Distribution Unpacked..

Philip Hunter – Student ID 800624597


Image source : www.businessblogshub.com

How to get distribution right.

The ultimate goal of any business is to get its product to the right place at the right price for the right person to commit to a sale from creating value in the purchase. Kozlenkova 2015 wrote ‘the real value is assessed when customers decide whether to buy a product’

How is this done?

A Supply chain must be established to connect the manufacturer to the consumer. Supply chains can consist of other business partners (batteries/screens for laptops) that supply components that make up a product.

Distribution channels are created to bring the product or service from the manufacturer to the consumer.  Some manufacturers (Dell, Apple, Nespresso) choose an option to (either exclusively or in parallel to other channels), supply direct to the consumer.  This can be a successful strategy providing that the manufacturer is set up to receive and dispatch those orders from consumers without delay or disruption. Consumers receive discounts by buying direct, and manufacturers save costs of engaging a third party to ‘peddle their wares’.

But what other options are available to manufacturers?  Surely when you are not set up to sell direct to the public, there are others ways.  Channels are created by manufacturers utilising a third party to link the source to the sale.  Retail outlets are one example where store owners either purchase SKU’s on account or on loan until they are sold.


Since the 1900’s corner stores were the start of the retail trend.  They sold a selection of products in one place.   Consisting of a small store, they were established(and still are) in a convenient central location within in a community; designed to make the shopping experience more convenient by bringing  multiple products into one place.
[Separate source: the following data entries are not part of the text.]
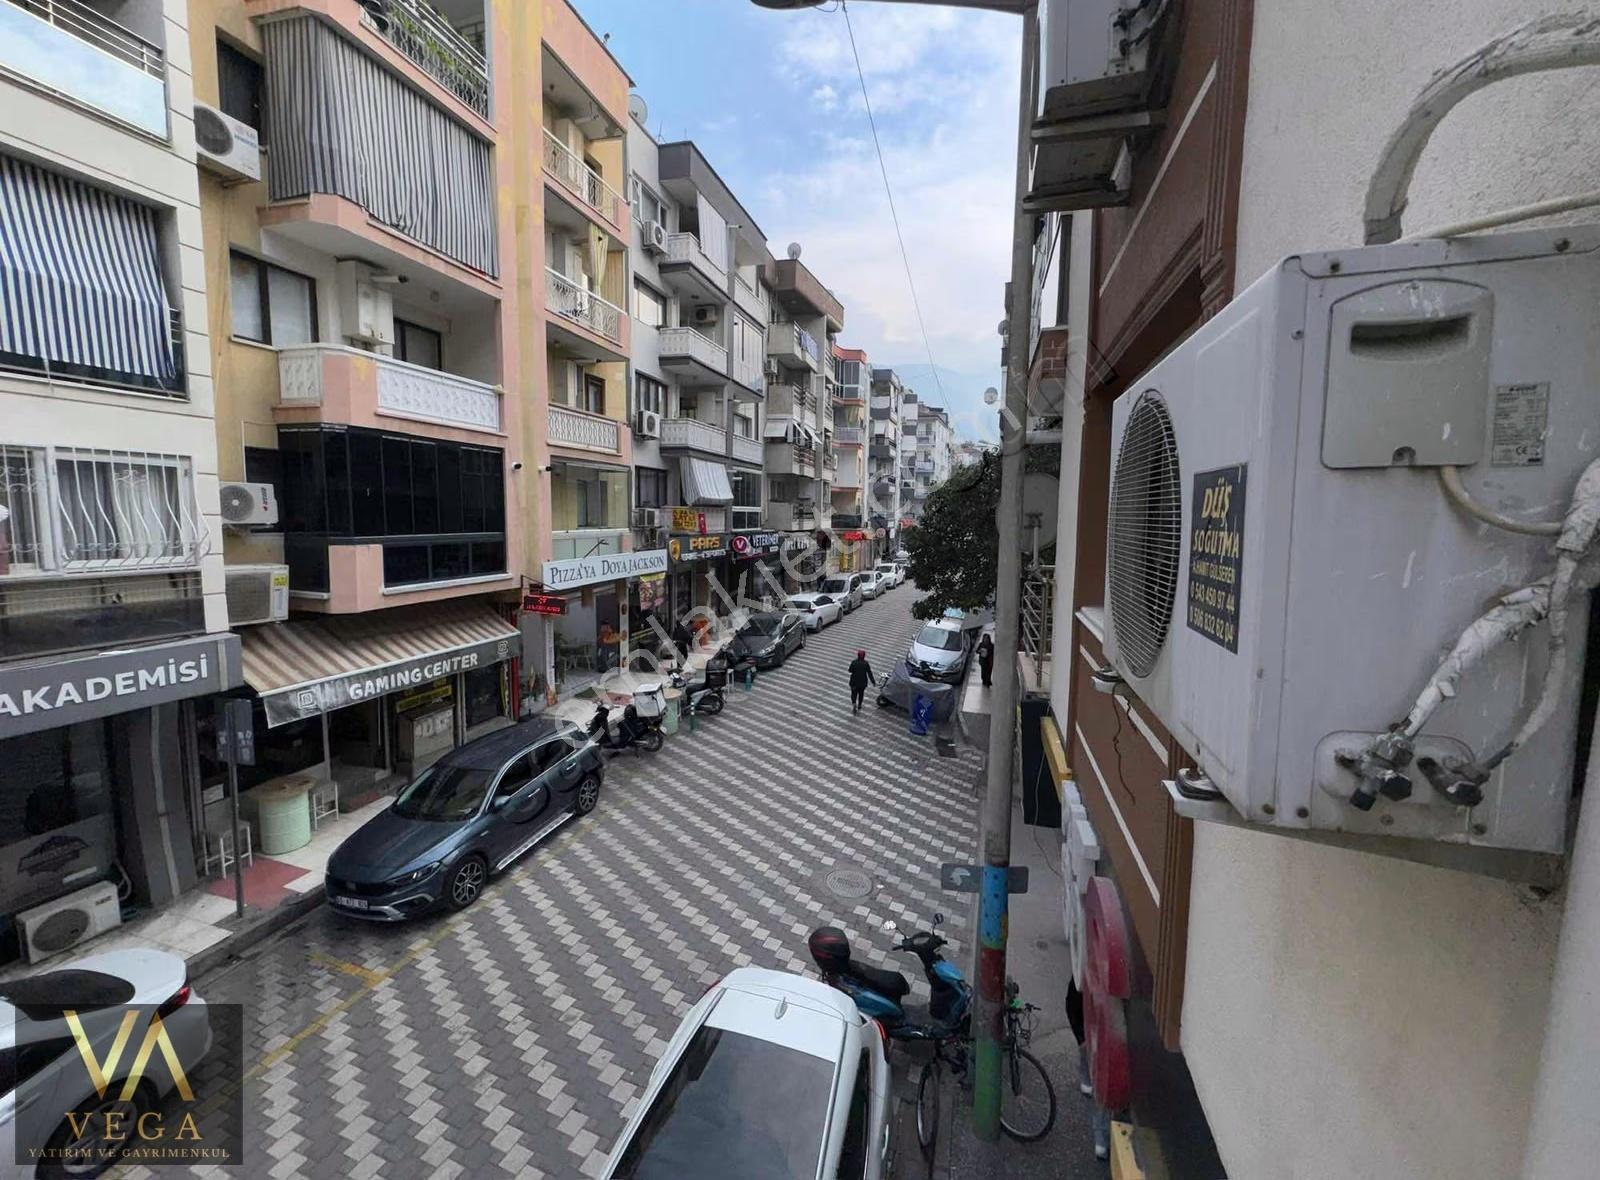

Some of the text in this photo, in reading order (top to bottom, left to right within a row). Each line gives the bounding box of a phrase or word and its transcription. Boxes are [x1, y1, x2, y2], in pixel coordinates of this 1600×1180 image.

[1202, 476, 1232, 527] DÜŞ
[689, 536, 721, 551] PARS
[550, 562, 597, 585] PIZZA'YA
[0, 653, 209, 717] AKADEMİSİ
[350, 667, 422, 700] GAMING
[424, 653, 479, 679] CENTER
The corner store concept has developed with iterations over the years into the large shopping centres of today containing hundreds of speciality and department stores, designed to encourage us to spend.
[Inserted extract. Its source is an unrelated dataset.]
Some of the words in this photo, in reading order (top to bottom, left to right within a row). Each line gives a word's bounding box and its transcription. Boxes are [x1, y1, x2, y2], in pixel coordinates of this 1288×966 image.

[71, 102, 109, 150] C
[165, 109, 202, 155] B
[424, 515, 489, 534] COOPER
Iacobucci 2015 wrote ‘franchising is a unique format of multisite expansion, a means to quasi-integrate’.  The concept behind franchising is forming a network of business units that provide a product or service under license from a proven business model.   Standards and branding are set by the franchisor by establishing and following systems.  Franchisees buy in with a fee and are supporting by an proven business model and branding, whilst the consumer is provided standard levels of service and product.
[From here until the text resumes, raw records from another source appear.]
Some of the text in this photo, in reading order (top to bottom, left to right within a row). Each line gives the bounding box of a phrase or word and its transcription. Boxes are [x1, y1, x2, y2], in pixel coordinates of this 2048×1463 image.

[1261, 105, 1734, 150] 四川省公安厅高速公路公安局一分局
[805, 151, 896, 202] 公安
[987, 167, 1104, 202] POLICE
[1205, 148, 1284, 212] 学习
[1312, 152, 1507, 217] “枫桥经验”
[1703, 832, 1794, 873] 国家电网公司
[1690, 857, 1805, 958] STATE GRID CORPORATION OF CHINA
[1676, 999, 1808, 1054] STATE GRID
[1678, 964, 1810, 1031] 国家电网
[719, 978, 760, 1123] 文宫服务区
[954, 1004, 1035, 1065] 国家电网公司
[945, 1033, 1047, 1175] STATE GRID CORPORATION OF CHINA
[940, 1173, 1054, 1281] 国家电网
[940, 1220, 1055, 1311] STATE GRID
Successful examples of franchises in Australia include , Jim’s GroupJames and Zarraffas.









Image Source:  http://soft-bd.com/ecommerce

The internet has definitely changed the way we shop.  According to Iacobucci 2015’Retail sales online are about $145 billion, growing about 10% a year, but that’s still only 4% of the total retail sales.  The internet has become the most convenient way (for those with computer access) to browse a supplier’s range prior to purchase.  The potential consumer can review attributes of the product from a distance, engage in online comparisons and review potential cost, all before entering a store.  This gives the consumer more buy in once they have become familiar with a certain brand or product and are more likely to commit to a purchase.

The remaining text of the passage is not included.